Report reveals Wellington Mayor Andy Foster’s poor airport board meeting attendance

Wellington Mayor Andy Foster has missed almost half of Wellington International Airport’s board meetings.

One governance expert said that type of attendance record implied the director was not taking the appointment seriously.

Infratil owns 66 per cent of the airport with Wellington City Council owning the remaining 34 per cent. Foster has been a board member since 2016.

The airport’s 2021 annual report, published last week, reveals Foster has attended just four out of seven board meetings over the past financial year.

No one else on the board has missed a meeting. A council representative attended the meetings Foster was unable to make.

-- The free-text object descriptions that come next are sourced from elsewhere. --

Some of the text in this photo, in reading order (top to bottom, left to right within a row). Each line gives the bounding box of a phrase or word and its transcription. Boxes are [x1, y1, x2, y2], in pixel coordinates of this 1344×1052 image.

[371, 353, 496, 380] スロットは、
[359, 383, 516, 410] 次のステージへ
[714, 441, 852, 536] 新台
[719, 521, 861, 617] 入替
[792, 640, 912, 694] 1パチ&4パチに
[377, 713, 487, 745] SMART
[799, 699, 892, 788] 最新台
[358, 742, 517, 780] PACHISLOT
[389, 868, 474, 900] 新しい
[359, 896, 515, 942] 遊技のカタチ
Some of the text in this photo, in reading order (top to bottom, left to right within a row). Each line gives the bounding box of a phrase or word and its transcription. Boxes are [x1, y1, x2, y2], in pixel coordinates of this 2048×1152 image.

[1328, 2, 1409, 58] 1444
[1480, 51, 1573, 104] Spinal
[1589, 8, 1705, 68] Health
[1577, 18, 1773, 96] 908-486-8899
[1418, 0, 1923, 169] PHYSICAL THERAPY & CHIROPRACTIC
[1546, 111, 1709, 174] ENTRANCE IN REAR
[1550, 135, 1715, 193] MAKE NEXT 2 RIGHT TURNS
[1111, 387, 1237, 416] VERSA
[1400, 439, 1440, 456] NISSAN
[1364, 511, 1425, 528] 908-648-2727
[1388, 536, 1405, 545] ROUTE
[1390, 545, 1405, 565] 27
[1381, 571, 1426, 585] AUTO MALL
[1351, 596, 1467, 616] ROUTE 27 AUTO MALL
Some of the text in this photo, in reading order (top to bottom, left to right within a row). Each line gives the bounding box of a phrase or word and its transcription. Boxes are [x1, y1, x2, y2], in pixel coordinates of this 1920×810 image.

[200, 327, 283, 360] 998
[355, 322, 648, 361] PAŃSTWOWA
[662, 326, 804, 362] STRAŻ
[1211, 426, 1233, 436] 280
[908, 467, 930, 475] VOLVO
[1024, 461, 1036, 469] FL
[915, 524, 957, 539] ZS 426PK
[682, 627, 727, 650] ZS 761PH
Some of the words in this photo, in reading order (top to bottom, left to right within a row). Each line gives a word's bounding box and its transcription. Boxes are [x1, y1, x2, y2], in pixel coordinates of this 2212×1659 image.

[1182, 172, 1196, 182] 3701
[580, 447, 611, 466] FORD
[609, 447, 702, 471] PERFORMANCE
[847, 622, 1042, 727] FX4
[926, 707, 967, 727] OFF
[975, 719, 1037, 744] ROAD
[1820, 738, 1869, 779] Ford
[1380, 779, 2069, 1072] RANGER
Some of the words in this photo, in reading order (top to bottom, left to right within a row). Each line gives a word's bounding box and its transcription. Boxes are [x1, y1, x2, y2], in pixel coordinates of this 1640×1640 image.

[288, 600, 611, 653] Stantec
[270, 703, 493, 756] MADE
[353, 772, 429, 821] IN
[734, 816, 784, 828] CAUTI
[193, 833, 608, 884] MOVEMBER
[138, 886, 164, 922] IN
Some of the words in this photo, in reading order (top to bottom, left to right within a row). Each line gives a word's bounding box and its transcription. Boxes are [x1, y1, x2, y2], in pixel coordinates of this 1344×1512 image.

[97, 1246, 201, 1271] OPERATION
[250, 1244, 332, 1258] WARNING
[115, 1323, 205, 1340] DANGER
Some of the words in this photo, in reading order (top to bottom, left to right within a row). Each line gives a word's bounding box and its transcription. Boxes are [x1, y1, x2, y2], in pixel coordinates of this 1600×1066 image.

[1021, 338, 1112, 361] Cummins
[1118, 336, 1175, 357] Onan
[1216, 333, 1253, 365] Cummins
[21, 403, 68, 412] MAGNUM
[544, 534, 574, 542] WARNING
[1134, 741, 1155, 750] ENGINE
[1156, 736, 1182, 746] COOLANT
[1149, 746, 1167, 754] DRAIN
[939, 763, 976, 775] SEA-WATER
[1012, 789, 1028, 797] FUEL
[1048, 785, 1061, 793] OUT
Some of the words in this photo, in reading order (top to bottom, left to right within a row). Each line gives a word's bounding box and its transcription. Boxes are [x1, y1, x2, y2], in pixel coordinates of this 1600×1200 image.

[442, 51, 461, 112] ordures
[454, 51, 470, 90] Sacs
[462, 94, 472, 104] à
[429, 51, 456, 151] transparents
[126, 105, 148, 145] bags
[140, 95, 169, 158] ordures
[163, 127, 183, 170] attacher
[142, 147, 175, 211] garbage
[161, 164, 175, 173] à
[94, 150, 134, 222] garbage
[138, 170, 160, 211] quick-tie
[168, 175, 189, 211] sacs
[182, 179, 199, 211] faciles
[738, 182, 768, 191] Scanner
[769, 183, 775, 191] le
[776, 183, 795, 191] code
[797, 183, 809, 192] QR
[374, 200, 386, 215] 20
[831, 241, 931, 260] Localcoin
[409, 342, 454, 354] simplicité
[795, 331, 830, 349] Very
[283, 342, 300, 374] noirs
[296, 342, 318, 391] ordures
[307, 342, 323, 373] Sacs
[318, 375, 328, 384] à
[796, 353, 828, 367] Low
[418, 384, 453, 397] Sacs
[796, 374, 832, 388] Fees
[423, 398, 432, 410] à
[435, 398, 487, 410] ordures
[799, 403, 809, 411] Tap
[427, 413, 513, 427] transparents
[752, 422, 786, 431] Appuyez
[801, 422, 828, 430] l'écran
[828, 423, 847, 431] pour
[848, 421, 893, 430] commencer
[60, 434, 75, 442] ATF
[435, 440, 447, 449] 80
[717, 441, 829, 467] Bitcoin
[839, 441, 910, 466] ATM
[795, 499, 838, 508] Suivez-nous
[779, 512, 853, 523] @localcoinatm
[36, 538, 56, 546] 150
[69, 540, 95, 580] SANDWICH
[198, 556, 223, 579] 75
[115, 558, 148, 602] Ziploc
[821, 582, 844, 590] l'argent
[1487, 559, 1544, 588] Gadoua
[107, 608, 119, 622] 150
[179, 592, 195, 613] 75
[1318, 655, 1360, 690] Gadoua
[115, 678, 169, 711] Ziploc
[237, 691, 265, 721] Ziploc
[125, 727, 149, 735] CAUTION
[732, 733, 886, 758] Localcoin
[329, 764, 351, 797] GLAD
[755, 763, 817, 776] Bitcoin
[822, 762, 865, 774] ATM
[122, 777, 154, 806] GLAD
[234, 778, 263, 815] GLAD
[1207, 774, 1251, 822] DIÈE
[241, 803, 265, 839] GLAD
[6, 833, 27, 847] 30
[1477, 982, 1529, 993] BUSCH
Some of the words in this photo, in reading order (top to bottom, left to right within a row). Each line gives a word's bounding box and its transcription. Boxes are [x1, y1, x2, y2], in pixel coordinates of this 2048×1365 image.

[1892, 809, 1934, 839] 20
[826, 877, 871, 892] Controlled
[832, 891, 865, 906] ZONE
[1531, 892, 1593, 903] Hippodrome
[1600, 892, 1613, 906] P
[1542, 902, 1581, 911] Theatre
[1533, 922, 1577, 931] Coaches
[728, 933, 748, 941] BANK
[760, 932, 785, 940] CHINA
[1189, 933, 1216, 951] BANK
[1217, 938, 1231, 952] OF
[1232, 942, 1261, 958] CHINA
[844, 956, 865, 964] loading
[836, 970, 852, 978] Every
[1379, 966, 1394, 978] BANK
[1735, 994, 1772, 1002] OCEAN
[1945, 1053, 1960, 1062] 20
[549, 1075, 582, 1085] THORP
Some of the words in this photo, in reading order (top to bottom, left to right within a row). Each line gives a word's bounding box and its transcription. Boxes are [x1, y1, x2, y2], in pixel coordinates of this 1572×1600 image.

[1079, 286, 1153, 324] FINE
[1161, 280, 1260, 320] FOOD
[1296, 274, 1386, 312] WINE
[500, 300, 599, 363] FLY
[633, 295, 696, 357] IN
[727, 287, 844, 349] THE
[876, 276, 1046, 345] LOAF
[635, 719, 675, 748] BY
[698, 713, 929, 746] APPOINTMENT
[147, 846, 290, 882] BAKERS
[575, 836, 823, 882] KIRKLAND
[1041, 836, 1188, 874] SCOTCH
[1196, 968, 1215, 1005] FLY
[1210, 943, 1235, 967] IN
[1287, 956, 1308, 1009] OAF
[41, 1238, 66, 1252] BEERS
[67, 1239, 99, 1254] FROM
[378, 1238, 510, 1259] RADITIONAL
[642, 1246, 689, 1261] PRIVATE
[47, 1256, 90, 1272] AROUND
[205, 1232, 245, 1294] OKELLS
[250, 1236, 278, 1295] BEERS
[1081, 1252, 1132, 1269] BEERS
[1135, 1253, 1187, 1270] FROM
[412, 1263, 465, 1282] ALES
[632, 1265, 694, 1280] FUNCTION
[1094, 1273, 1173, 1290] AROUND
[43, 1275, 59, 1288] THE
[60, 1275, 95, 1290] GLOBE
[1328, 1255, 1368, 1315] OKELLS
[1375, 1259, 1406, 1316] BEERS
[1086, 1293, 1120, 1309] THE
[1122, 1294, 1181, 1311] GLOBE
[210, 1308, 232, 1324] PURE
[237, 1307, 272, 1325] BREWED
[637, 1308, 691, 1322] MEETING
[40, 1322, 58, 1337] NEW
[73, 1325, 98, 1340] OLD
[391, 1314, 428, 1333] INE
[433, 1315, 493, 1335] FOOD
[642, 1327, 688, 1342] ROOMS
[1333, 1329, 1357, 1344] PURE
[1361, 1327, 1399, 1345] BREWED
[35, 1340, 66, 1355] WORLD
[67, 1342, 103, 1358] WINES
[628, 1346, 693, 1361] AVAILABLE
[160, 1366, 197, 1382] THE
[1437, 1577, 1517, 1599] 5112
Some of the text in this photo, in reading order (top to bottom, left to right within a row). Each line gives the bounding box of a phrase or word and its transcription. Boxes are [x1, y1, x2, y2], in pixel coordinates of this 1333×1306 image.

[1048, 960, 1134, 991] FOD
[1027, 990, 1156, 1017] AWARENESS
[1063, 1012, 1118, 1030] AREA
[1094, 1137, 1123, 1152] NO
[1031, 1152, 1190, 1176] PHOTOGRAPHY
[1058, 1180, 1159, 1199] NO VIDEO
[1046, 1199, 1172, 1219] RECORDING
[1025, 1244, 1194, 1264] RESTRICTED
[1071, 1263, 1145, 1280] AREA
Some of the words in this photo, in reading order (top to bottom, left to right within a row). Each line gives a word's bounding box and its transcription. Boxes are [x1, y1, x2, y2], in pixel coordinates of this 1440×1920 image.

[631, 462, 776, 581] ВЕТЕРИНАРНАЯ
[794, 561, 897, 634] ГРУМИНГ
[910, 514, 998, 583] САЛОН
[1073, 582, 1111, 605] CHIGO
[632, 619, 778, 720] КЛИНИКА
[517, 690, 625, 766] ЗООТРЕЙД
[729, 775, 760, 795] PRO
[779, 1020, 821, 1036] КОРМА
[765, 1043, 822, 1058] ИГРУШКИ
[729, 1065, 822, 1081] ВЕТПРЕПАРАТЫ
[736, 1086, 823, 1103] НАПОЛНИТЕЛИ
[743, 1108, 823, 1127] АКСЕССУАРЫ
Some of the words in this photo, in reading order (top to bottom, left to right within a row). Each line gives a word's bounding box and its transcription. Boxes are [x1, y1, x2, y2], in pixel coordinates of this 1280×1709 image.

Board chairman Tim Brown said that representative was someone senior from council.

Council officers were kept regularly informed by the council’s other appointment to the Board, Wayne Eagleson, Brown said.

“Management is also available to discuss airport matters with councillors or officers at any time. Councillors have a standing invitation to contact the airport with any issues, concerns or briefing requests.”

Foster told the Herald there were occasions when there was a direct clash between board meetings and council meetings.

“Wherever possible I will seek to avoid that.”

Foster did not address questions about whether he considered his level of attendance to be acceptable.

The annual remuneration for Foster’s role on the board is $66,976, but he doesn’t pocket it himself.

A spokesperson for Foster’s office said the funds go straight to the Urban Design Cost Centre and from there support projects relating to the built environment.

Richard Westlake, managing director of Westlake Governance Limited and an experienced director and board chairman, said being a director carried significant responsibilities and risks.

“That type of attendance record implies the director doesn’t take the appointment seriously.”

Any director could miss one meeting a year or possibly two due to issues such as illness and a clash of commitments, Westlake said.

“But a rule of thumb used in governance says miss three and you’re gone, unless there are strong mitigating factors.”

Westlake said he thought the mayor, and leader of a significant shareholder in the airport, would have brought a helpful perspective to board deliberations.

“Boards don’t have room for passengers.”

It was also disruptive to have a board member who only appeared from time to time, he said.

“They’re not up to date with where the board’s thinking has progressed, and they may want to re-examine or re-litigate matters the board has already dealt with.”